*** Study material Section Begins ***

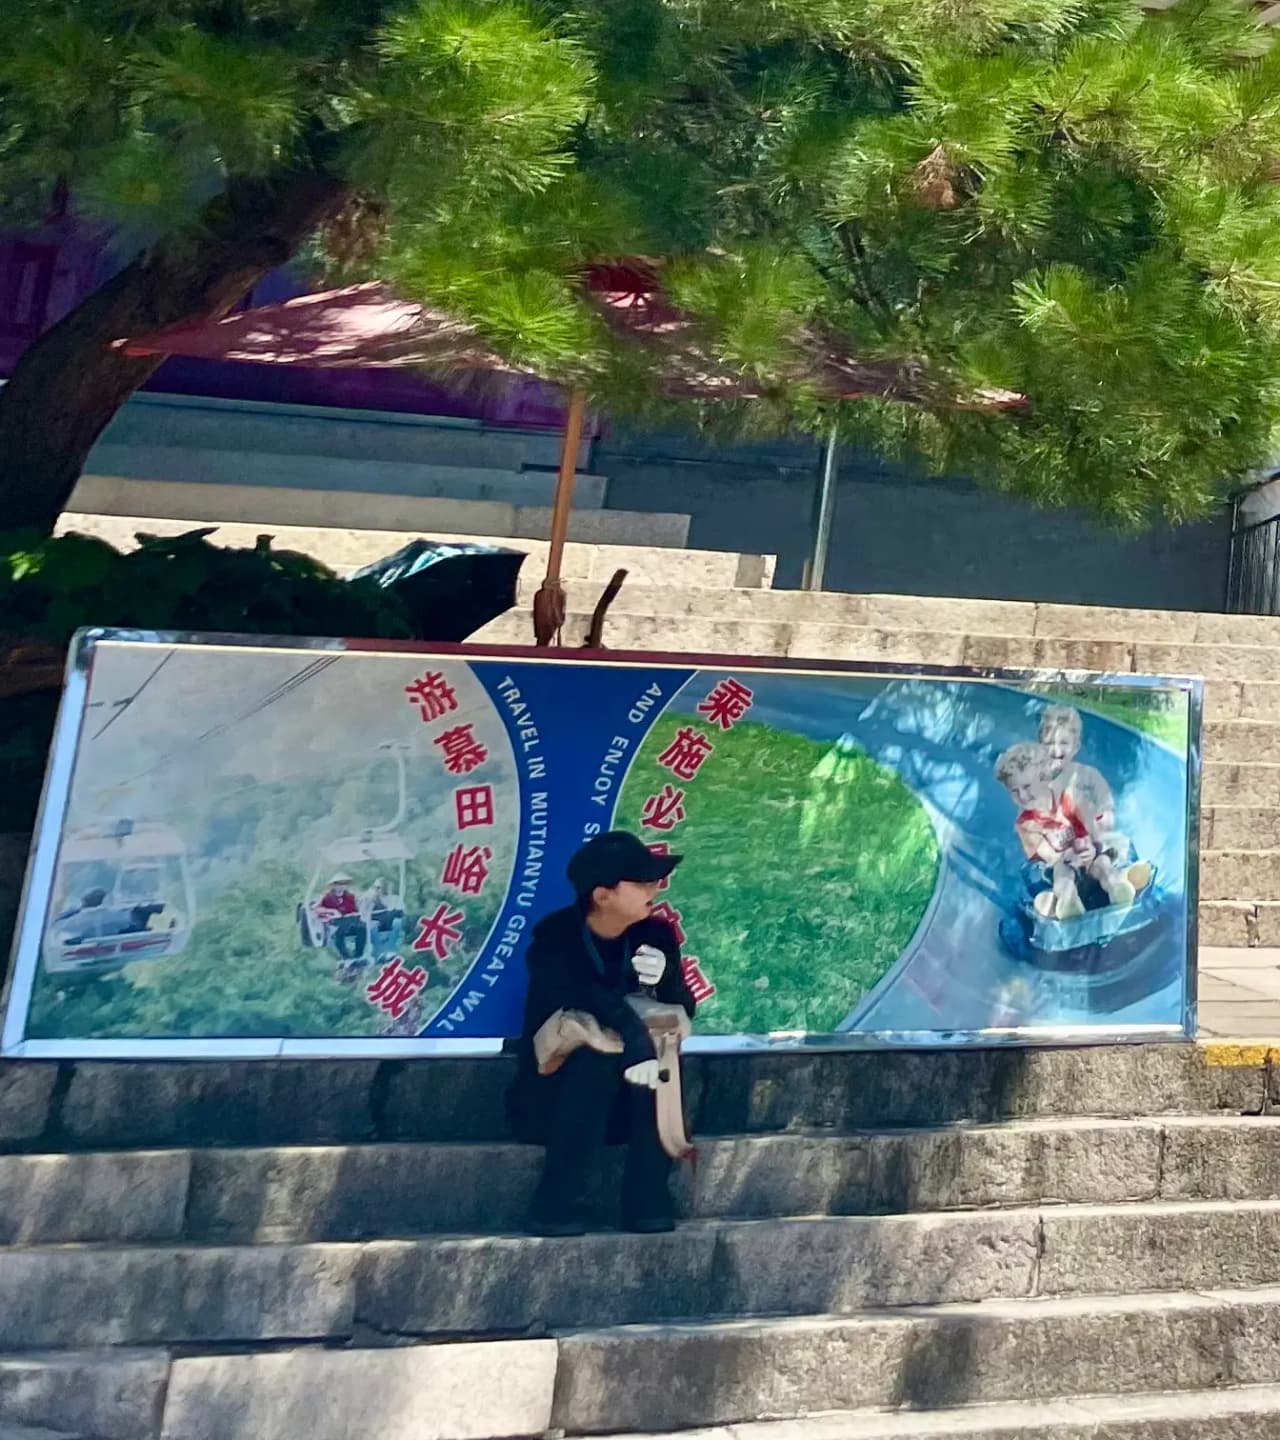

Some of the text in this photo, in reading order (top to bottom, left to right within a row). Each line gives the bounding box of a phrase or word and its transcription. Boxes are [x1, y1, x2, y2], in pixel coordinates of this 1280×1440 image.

[497, 676, 541, 752] TRAVEL
[627, 682, 663, 724] AND
[527, 756, 547, 779] IN
[590, 735, 631, 806] ENJOY
[367, 670, 494, 1020] 游慕田峪长城
[516, 791, 549, 908] MUTIANYU
[480, 914, 527, 988] GREAT
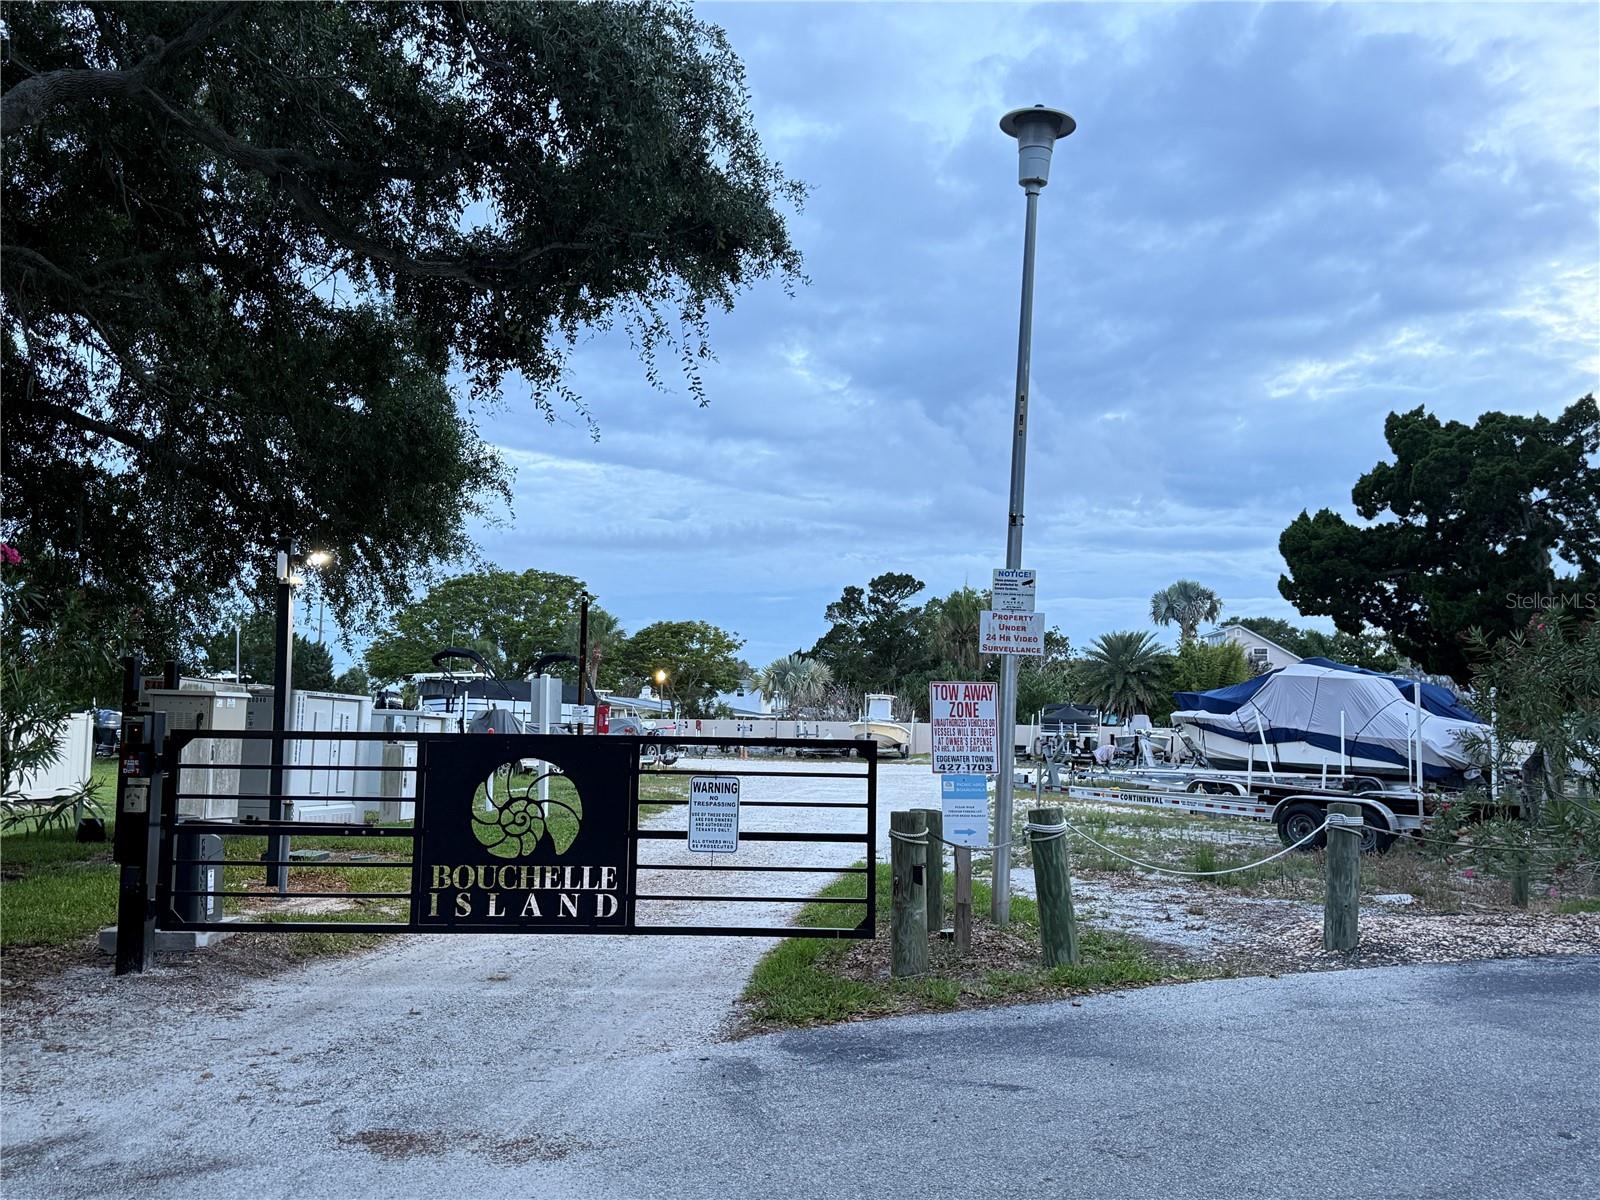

*** Study material Section Ends ***

_Problem to solve:_
Transcribe the listing above in full. Pictures are not part of the copy.

_Exercise solution:_
Some of the text in this photo, in reading order (top to bottom, left to right within a row). Each line gives the bounding box of a phrase or word and its transcription. Boxes are [x1, y1, x2, y2], in pixel coordinates of this 1280×1440 image.

[497, 676, 541, 752] TRAVEL
[627, 682, 663, 724] AND
[527, 756, 547, 779] IN
[590, 735, 631, 806] ENJOY
[367, 670, 494, 1020] 游慕田峪长城
[516, 791, 549, 908] MUTIANYU
[480, 914, 527, 988] GREAT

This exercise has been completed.